→ Problem statement
What is needed is an exact repeat of the entries, with no pictures in it.

→ Given records

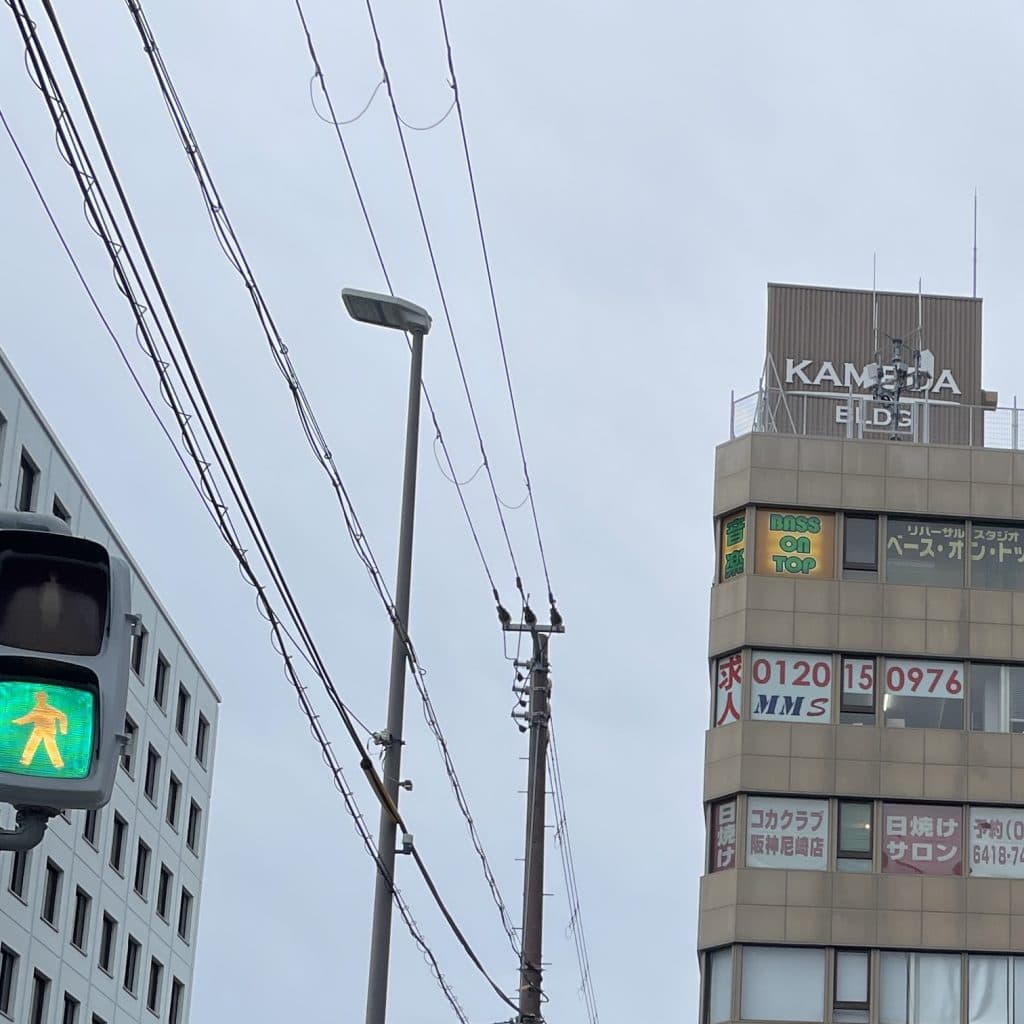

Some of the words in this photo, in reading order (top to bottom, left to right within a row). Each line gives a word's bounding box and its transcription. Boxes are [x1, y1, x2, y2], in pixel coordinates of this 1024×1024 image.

[785, 357, 961, 395] KAMEDA
[974, 529, 1020, 542] スタジオ
[772, 555, 817, 575] TOP
[752, 658, 831, 688] 0120
[845, 662, 873, 690] 15
[886, 666, 962, 695] 0976
[717, 655, 743, 726] 求人
[753, 694, 829, 717] MMS
[886, 814, 959, 838] 日焼け
[886, 841, 958, 863] サロン
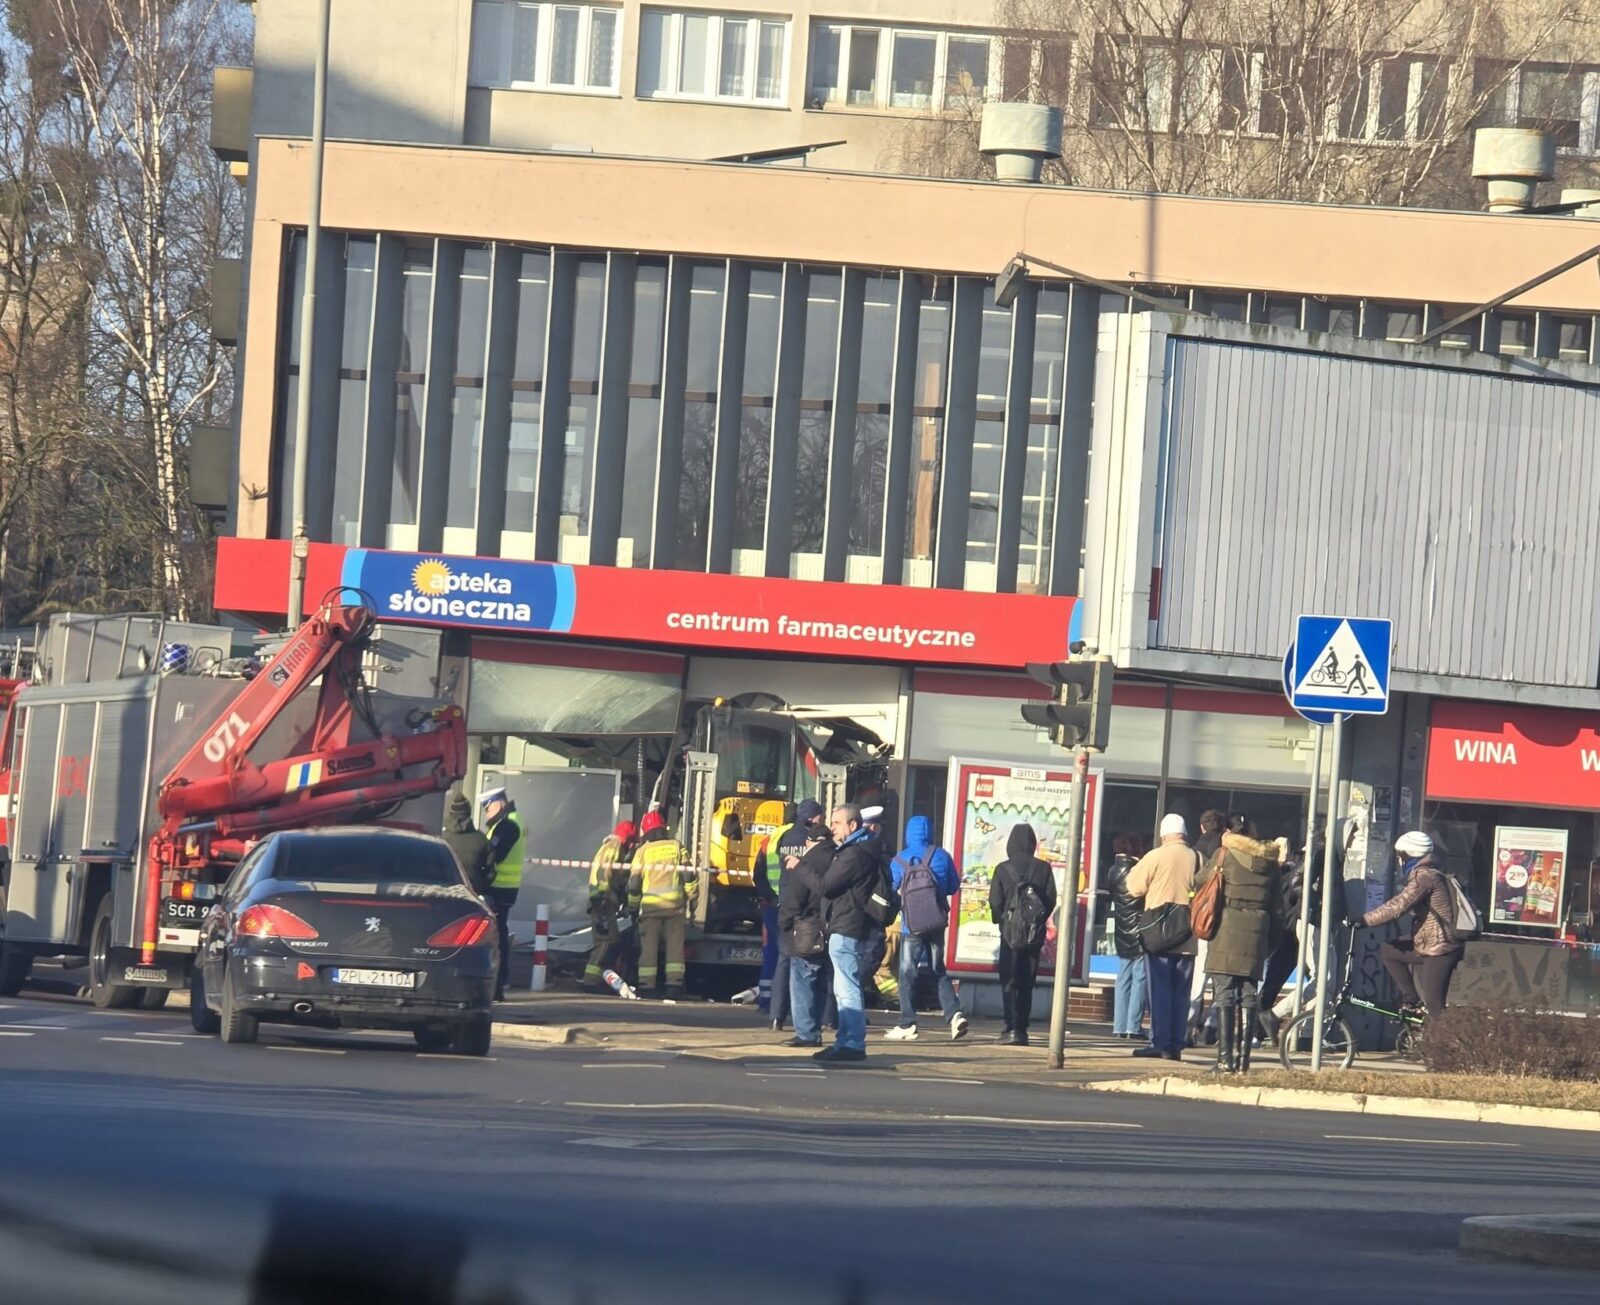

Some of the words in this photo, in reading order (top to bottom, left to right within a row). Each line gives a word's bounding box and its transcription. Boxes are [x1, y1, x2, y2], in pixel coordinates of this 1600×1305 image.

[430, 572, 512, 595] apteka
[389, 590, 531, 622] słoneczna
[666, 611, 769, 634] centrum
[777, 615, 976, 648] farmaceutyczne
[203, 711, 251, 762] 071
[1454, 738, 1518, 766] WINA
[1580, 748, 1600, 772] W
[1016, 768, 1041, 779] ams
[168, 902, 197, 918] SCR
[124, 966, 168, 983] SAURUS
[340, 969, 367, 984] ZPL
[370, 971, 412, 987] 2110A

→ Written reply
Some of the words in this photo, in reading order (top to bottom, left to right within a row). Each line gives a word's bounding box and its transcription. Boxes are [x1, y1, x2, y2], in pixel coordinates of this 1024×1024 image.

[785, 357, 961, 395] KAMEDA
[974, 529, 1020, 542] スタジオ
[772, 555, 817, 575] TOP
[752, 658, 831, 688] 0120
[845, 662, 873, 690] 15
[886, 666, 962, 695] 0976
[717, 655, 743, 726] 求人
[753, 694, 829, 717] MMS
[886, 814, 959, 838] 日焼け
[886, 841, 958, 863] サロン

Some of the words in this photo, in reading order (top to bottom, left to right within a row). Each line gives a word's bounding box and its transcription. Boxes are [x1, y1, x2, y2], in pixel coordinates of this 1600×1305 image.

[430, 572, 512, 595] apteka
[389, 590, 531, 622] słoneczna
[666, 611, 769, 634] centrum
[777, 615, 976, 648] farmaceutyczne
[203, 711, 251, 762] 071
[1454, 738, 1518, 766] WINA
[1580, 748, 1600, 772] W
[1016, 768, 1041, 779] ams
[168, 902, 197, 918] SCR
[124, 966, 168, 983] SAURUS
[340, 969, 367, 984] ZPL
[370, 971, 412, 987] 2110A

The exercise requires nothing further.